You don’t know what they’ve been through, what’s their journey, maybe they failed more time they would admit it!
Also, maybe they are successful and talented in that area, which doesn’t make you less of an expert in another one!
Remember that overcoming insecurity is a skill that you can develop. Most chances are that this person already worked on improving their self-confidence… Now it’s your turn! 🙂
3. You are comparing yourself to others.
We can spend tons of time comparing ourselves to others.
When actually, we should compare ourselves to the person we were yesterday!
It may happen from time to time, but it shouldn’t become a habit.
You are very unique! And if this doesn’t convince you, have a look at these 3 quotes that I LOVE!
4. You want everything to be perfect.
The problem is that reaching for perfection can really stop us!
Try to get things “done instead of perfect”.
When you think about it, you can ALWAYS come back to something, improve it, change it, make it better!
But can you improve something that doesn’t invent exist?!
Do not let perfection stop you!
5. It happened ONCE and you make it a GENERAL RULE.
You had some experience, you’ve been through something and I hear you, it wasn’t fun and it was even hard and traumatizing…
But you cannot make it a general rule!
It’s not because one presentation didn’t go the way you thought it will that it will always be the case!
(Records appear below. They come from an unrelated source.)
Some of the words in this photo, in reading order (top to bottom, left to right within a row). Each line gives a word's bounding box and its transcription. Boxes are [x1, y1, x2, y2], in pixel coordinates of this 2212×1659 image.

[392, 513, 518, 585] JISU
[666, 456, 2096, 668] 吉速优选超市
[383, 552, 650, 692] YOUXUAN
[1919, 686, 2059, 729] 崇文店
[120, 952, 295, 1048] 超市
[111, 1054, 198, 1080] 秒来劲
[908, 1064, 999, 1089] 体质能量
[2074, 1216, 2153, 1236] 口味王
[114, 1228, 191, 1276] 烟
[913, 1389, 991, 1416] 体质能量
Try to learn from each situation, every experience and then move on to the next one.
It doesn’t have to BE that hard if you don’t MAKE it that hard! 🙂
I know that this is easier said than done/lived but trust me on this: it’s not because it happened to you like this that it will always be the case…
6. You are afraid of falling/failing.
There is something with us making mistakes.
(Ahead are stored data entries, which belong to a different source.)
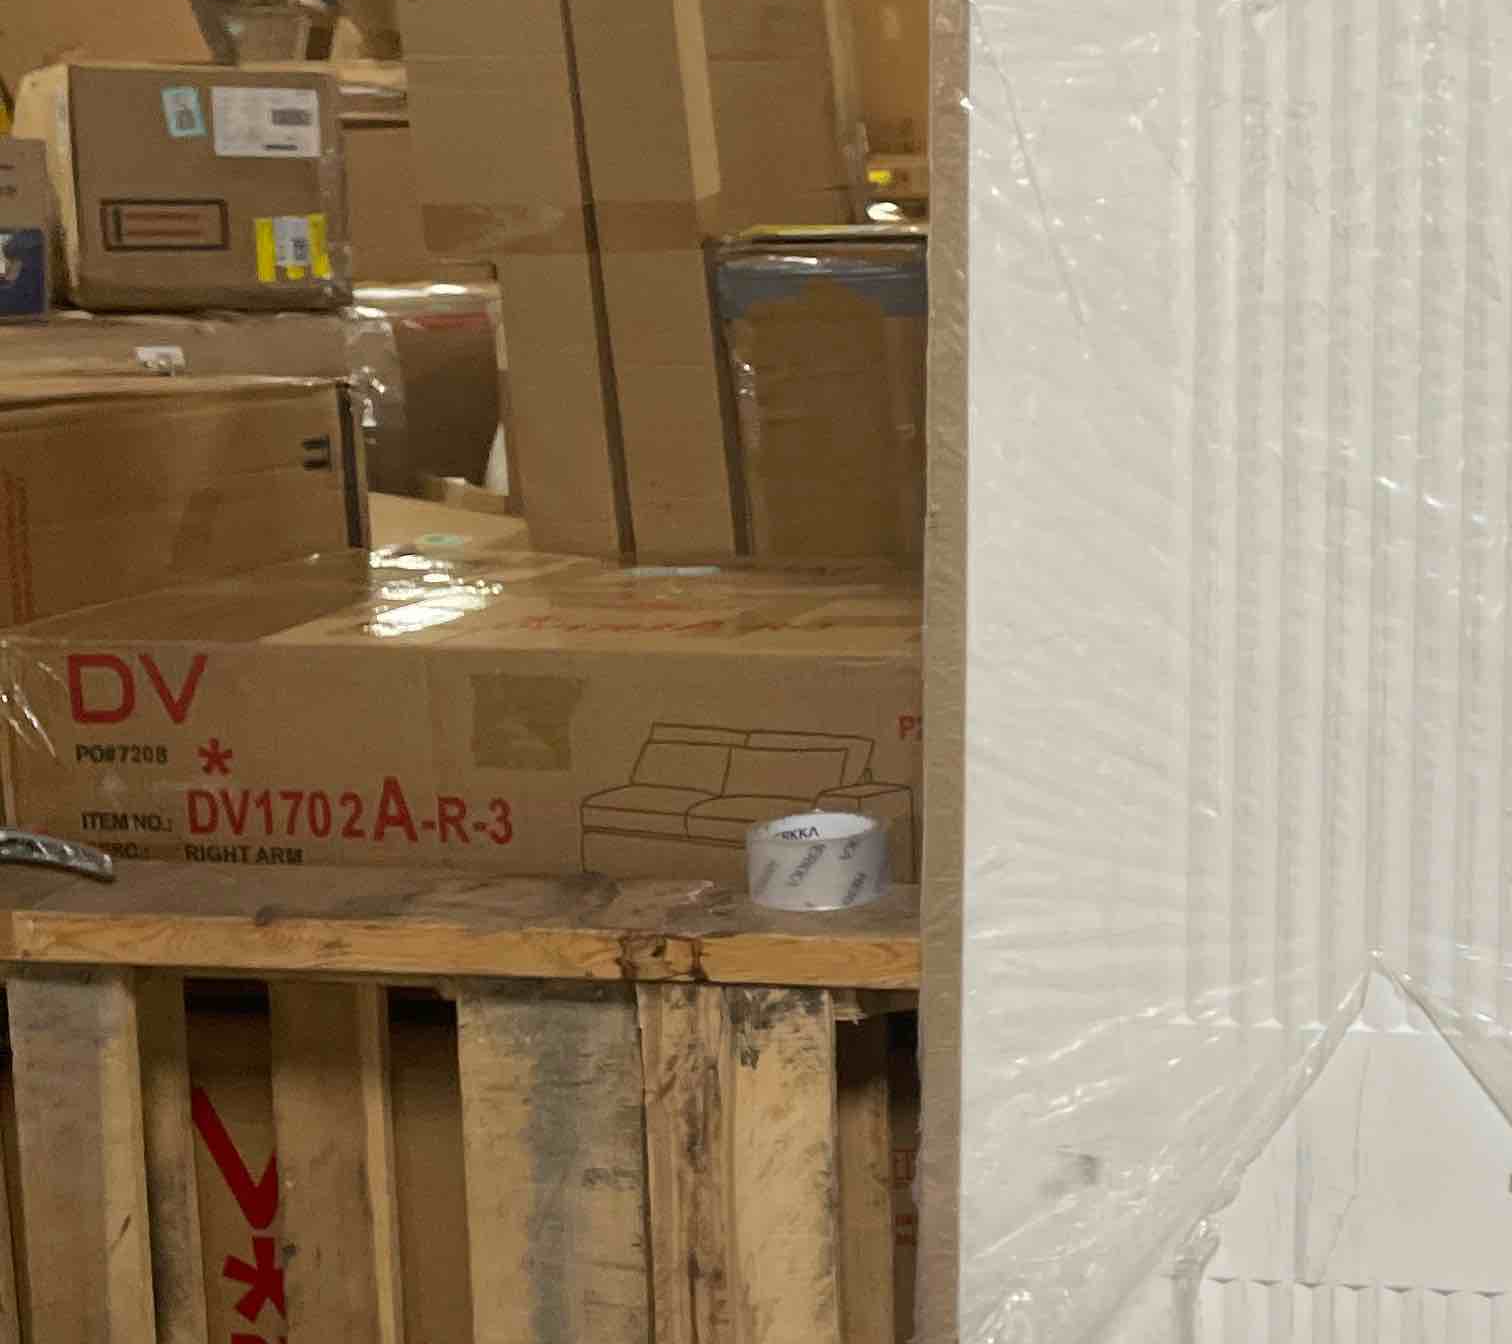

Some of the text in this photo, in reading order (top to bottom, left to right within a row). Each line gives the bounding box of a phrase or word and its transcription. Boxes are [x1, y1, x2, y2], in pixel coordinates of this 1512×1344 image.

[67, 652, 208, 724] DV
[81, 811, 129, 832] ITEM
[186, 775, 513, 844] DV1702A-R-3
[184, 844, 249, 863] RIGHT
[254, 846, 304, 865] ARM
Just this word “mistake” is giving chills! Something is sooo wrong about this word!
I remember when I was a teacher and I was telling the kids that “I love mistakes!”
There’s nothing wrong with falling and failing, just the meaning we give it to it is wrong.
Imagine if we would have learned how to properly behave and what to do when we fall and fail? It would have changed everything!
Ask yourself: what can really happen if you fall or fail? What is the real consequence of it? Sometimes, we might not even know!
We just don’t want to feel any negative emotion, so we better not try anything…
For example, you are afraid of talking in public or to make a presentation, but what can really happen?!
What do you have to lose?
How do I stop being so insecure?
So, the first thing to do is to pay attention to the symptoms.
In your opinion, makes you say that you are insecure?
What do you think is being insecure?
Being more self-aware is always step number 1.
Then, I want you to consider your answer to that question and to really ask yourself if it’s justified. If it’s the reality, if the causes/reasons ARE true reality.
Did you see yourself in one of the reasons that I shared above?
For example, I would say that I felt insecure when in the past, I tried to state an opinion and I was afraid of people judging me.
I realized that in those moments, I may have been a bit aggressive or defending myself because I felt attacked!
Just by taking the time to think about what moments I felt insecure already helped me a lot!
Then, I took the time to think about doing something else of what I used to always do (feeling offended and being a bit aggressive!).
Do you remember the model of Brooke Castillo?
So, if you want different results in your life, you’ve got to have other thoughts at first! 🙂
Related to the example that I gave before, I stopped being defensive because I realized that people didn’t necessarily judge me when I shared an opinion.
Do not forget: everyone is trying to fulfill their own needs and their reactions and behaviors say a lot about THEM, not YOU! 🙂
To sum up!
As you can see, you don’t have to feel insecure! 🙂
It’s not part of you!
I always say that no one was born with self-confidence but guess what, no one was born with insecurity neither so you can do something about it! 🙂
First, be more self-aware and then, ask yourself: in the situation in which you might feel insecure… What can really happen?